### [Exercise directions]
Please write out every line of the material exactly.
--- Exercise input Enclosed Below ---
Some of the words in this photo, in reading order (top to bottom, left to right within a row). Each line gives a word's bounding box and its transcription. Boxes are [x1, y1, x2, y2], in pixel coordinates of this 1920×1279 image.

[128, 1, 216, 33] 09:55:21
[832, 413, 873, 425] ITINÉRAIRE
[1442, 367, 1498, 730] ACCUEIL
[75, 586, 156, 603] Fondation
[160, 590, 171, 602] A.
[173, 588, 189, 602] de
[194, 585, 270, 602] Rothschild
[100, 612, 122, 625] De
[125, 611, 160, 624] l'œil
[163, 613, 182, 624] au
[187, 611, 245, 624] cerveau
--- End of Enclosed Exercise input ---
### [Answer for the task]
Some of the words in this photo, in reading order (top to bottom, left to right within a row). Each line gives a word's bounding box and its transcription. Boxes are [x1, y1, x2, y2], in pixel coordinates of this 1920×1279 image.

[128, 1, 216, 33] 09:55:21
[832, 413, 873, 425] ITINÉRAIRE
[1442, 367, 1498, 730] ACCUEIL
[75, 586, 156, 603] Fondation
[160, 590, 171, 602] A.
[173, 588, 189, 602] de
[194, 585, 270, 602] Rothschild
[100, 612, 122, 625] De
[125, 611, 160, 624] l'œil
[163, 613, 182, 624] au
[187, 611, 245, 624] cerveau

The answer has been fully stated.